I repeat: THE GREATEST FUCKING GUITAR SOLO EVER PLAYED IN THE FUCKING HISTORY OF ALL FUCKING GENRES OF FUCKING GUITAR MUSIC. No disrespect meant towards Hendrix. No, man, Jimi was unquestionably the greatest of his generation, a mid-to-late-20th century Superman on the axe, and I deeply love and respect the dude. That goes double for Eric, Eddie, Steve, Stevie Ray, Joe, Jeff, Carlos, and Yngwie as well, huge, huge talents in their way (and that Spanish or Mexican classical guy, Andrew, André what's–his–face was pretty bitchin' too, unplugged-wise). But evolution, dear reader, E-V-O-L-U-T-I-O-N is the LAW of the UNIVERSE. Time marches on, and we march with it or perish, like the fucking trilobite. (That meagerly endowed, sediment-sucking arthropod surfed the brown wave to extinction because he couldn't hack it against the tree-swinging adaptability of the ring-tailed lemur.) Nature has thus dictated that I tread triumphantly upon the supine carcasses of my musical ancestors. So bite me.

life is horror
life is bliss
nothing in the world's amiss

the stars collide
the flesh decays
we stumble toward the end of days

our tongues are mute
our eyes struck blind
truth evades the conscious mind
and everything you know is wrong

And don't tell me that Born to Run is the greatest goddamn song in rock-and-roll history.
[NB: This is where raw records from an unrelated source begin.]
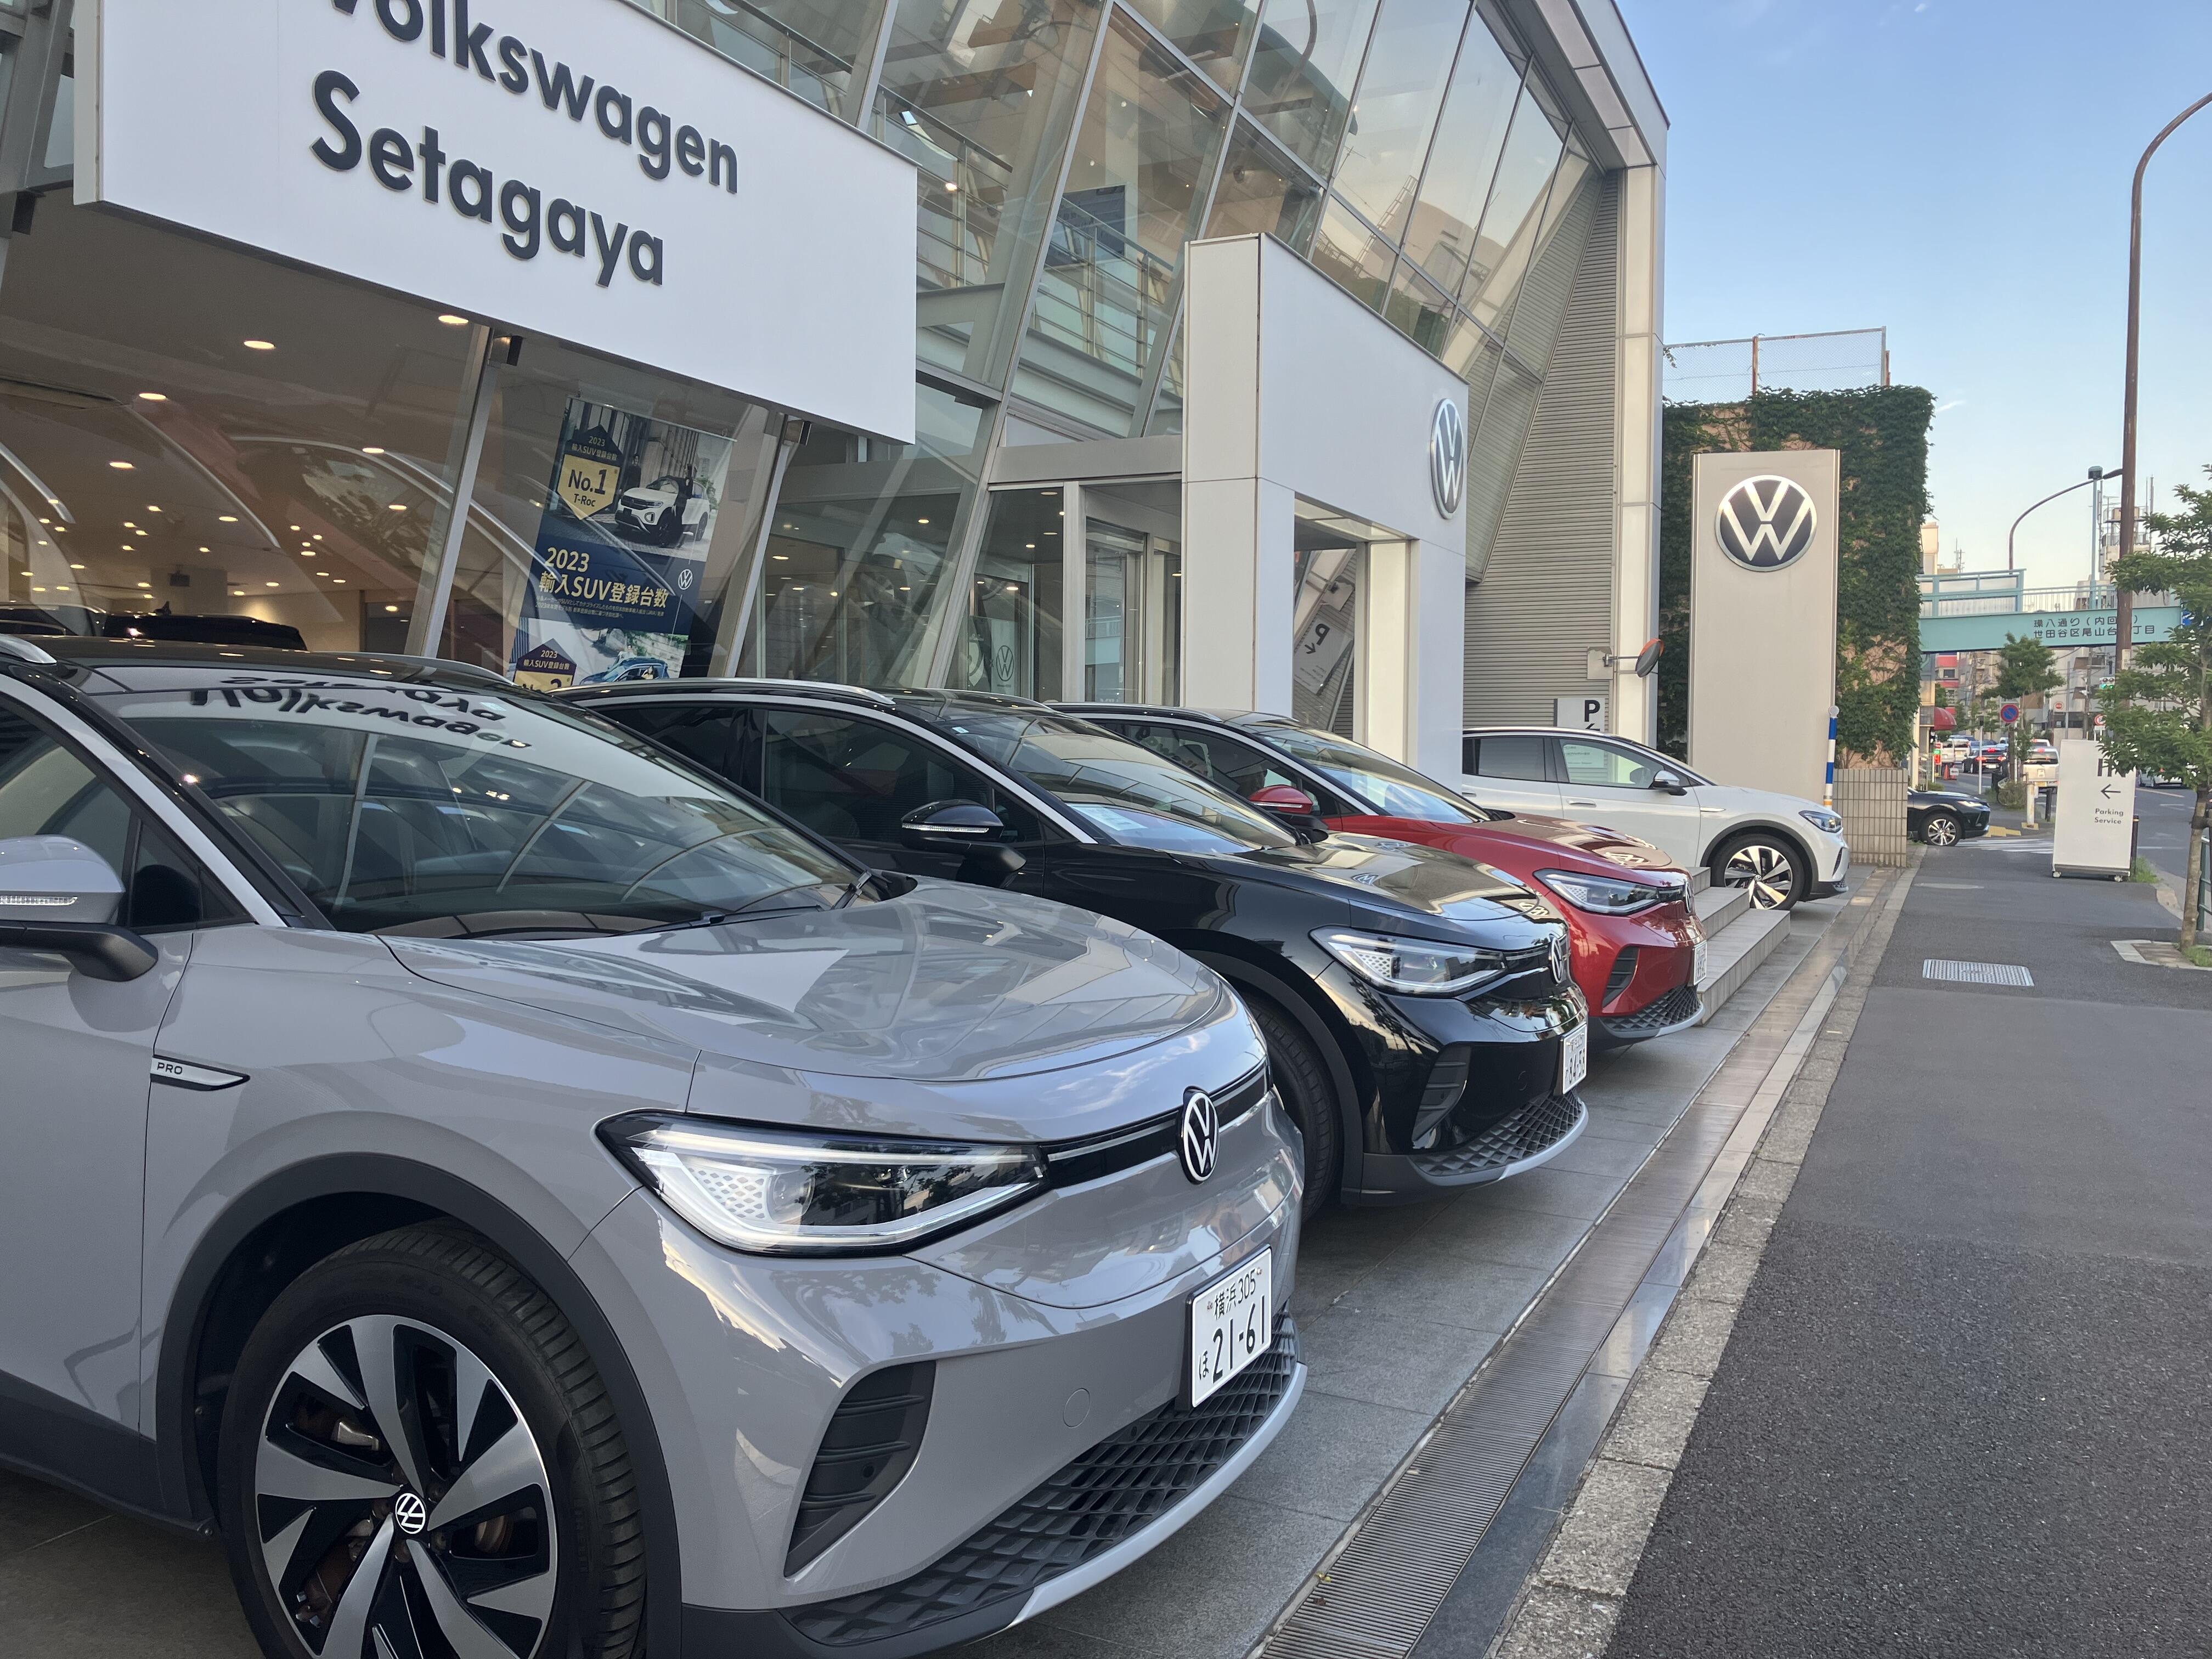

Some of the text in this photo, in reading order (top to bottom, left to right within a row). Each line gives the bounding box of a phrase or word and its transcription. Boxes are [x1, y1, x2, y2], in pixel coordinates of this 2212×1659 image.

[330, 0, 738, 194] olkswagen
[311, 70, 663, 287] Setagaya
[589, 436, 606, 447] 2023
[572, 443, 618, 461] 輸入SUV登録台数
[568, 469, 607, 495] No.1
[574, 493, 596, 507] T-Roc
[544, 547, 590, 573] 2023
[538, 571, 670, 609] 輸入SUV登録台数
[2034, 614, 2138, 628] 環八通り（内回）
[2034, 625, 2155, 638] 世田谷区尾山台丁目
[541, 650, 558, 658] 2023
[523, 659, 570, 670] 輸入SUV登録台数
[1584, 699, 1600, 722] P
[2095, 808, 2124, 817] Parking
[157, 1062, 183, 1075] PRO
[1199, 1295, 1265, 1384] ほ 21-61
Fuck Born to Run. Some goddamn arena anthem about the New-fucking-Jersey hinterlands? Fuck rock-and-roll. Fuck history. Fuck you AND your mother.

time's a prison
space is real
mind is time and space revealed

but time is fluid
space is void
mind is empty, self-destroyed

the self's a phantom
the mind is weak
of where it comes [from], we cannot speak
and everything you know is wrong

My lyrics are more profoundly spiritual, more passionate, more philosophically astute, complex, and truthful than that faux-naïve, blue collar Asbury Park horseshit. Who gives a fuck about a mob of quasi-simian assholes and their Harleys? Where will those assholes and their skanks and their bikes be in another 60 years? Fouling a Jersey landfill, that's where, like the rest of us. We're all going to die. We don't know why we're here, why we have to suffer, or what's for lunch the day after tomorrow, so fuck your mother's mother's mother.

god's absconded
god is near
god commands your love and fear

she claims your heart
she can't exist
she justifies your pain and bliss

she grants you life
awaits your death
you raise your voice and draw your breath
but everything you know is wrong

And one last thing. Don't fucking tell me that I stole the lyric “everything you know is wrong” from Weird Al Yankovic. Weird Al did not, I repeat, DID NOT fucking originate that phrase: it was coined back in 1974 by the fucking Firesign Theatre when Weird Al was only 15 fucking years old and his 1996 album Bad Hair Day wasn't even a gleam in his fucking beady little adolescent parodist's eyes. HE stole the phrase, not me. My culpability in borrowing the phrase “everything you know is wrong” extends to me being, at worst, the recipient of stolen goods, a trifling misdemeanor. So I say unto you,“Not guilty, your honor.” And fuck you, too.